On July 1, 2017, Dr. Coleman found that plaintiff could "lift, carry, push and pull 20 pounds occasionally and 10 pounds frequently, sit six hours in an eight-hour workday, and stand and/or walk for six hours in an eight-hour workday." Id. at 604, 708. Dr. Coleman also noted that plaintiff could "frequently balance" but could only "occasionally perform other postural maneuvers" due to her "back limits." Id. at 604, 709. Finally, Dr. Coleman stated that plaintiff "must avoid concentrated exposure to extreme cold, extreme heat, humidity, vibration, fumes, odors, dusts, gases, poor ventilation and hazards, such as machinery and heights." Id. at 604, 709-10. Dr. Coleman explained that his opinion about how much plaintiff could lift differed from Dr. Salinas's opinion because, in the intervening time, plaintiff had an MRI that showed degenerative disc disease of the lumbar spine. Id. at 710. As a result, the amount plaintiff could lift was reduced from 50 pounds occasionally and 25 pounds frequently to 20 pounds occasionally and 10 pounds frequently. Cf. id. at 691 with id. at 708; see also id. at 710.

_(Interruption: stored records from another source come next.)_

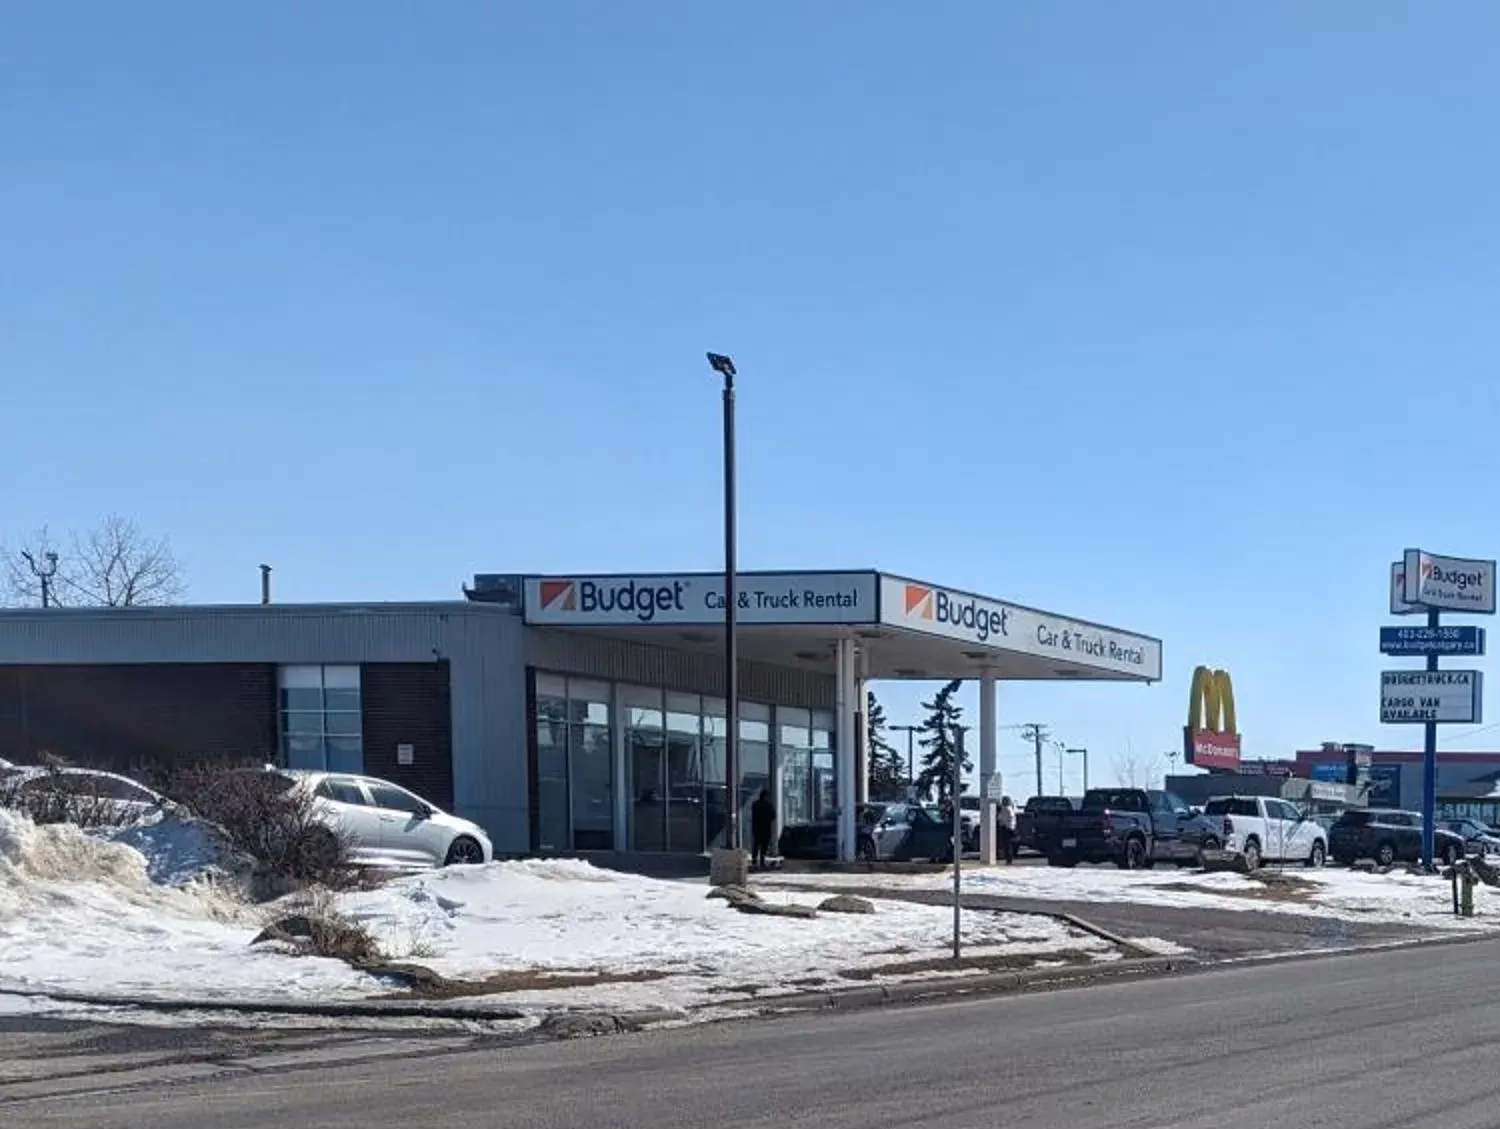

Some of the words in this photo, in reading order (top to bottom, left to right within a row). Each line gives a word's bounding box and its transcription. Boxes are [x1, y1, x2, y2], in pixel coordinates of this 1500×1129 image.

[1433, 565, 1482, 590] Budget
[580, 581, 684, 621] Budget
[704, 591, 727, 609] Ca
[737, 591, 750, 609] &
[754, 591, 799, 609] Truck
[804, 589, 858, 608] Rental
[936, 591, 1008, 641] Budget
[1037, 624, 1059, 648] Car
[1062, 629, 1072, 650] &
[1074, 632, 1105, 657] Truck
[1109, 640, 1145, 665] Rental
[1420, 696, 1440, 708] VAN

On August 2, 2017, PA Marshall found that plaintiff had more limitations than she previously opined. Specifically, PA Marshall found that plaintiff could frequently lift and carry 10 pounds, could occasionally carry 20 pounds and could never carry 50 pounds. Id. at 2077. PA Marshall found that plaintiff could frequently twist, stoop, balance, crouch, crawl, climb, reach, handle, finger and feel. Id. PA Marshall noted that plaintiff did not have limitations in reaching, handling and fingering. Id. PA Marshall noted that plaintiff could sit for 45 minutes before needing to switch positions, could stand for one hour before needing to sit or walk. And could stand for four hours in an eight-hour workday. Id.
On October 29, 2018, PA Marshall further reduced the activities that plaintiff could perform. Specifically, PA Marshall found that plaintiff could occasionally lift 10 pounds, but could never lift 20 pounds. Id. at 3850. PA Marshall also found that plaintiff could occasionally twist and stoop, rarely balance, crawl and climb, and never crouch. Id. Additionally, PA Marshall found that plaintiff had limitations with reaching, handling or fingering. Id. Specifically, PA Marshall found that plaintiff could frequently reach, but could only occasionally handle, rarely finger, and never feel. Id. PA Marshall noted that it was necessary for plaintiff to use a cane for imbalance, weakness and dizziness. Id. at 3851.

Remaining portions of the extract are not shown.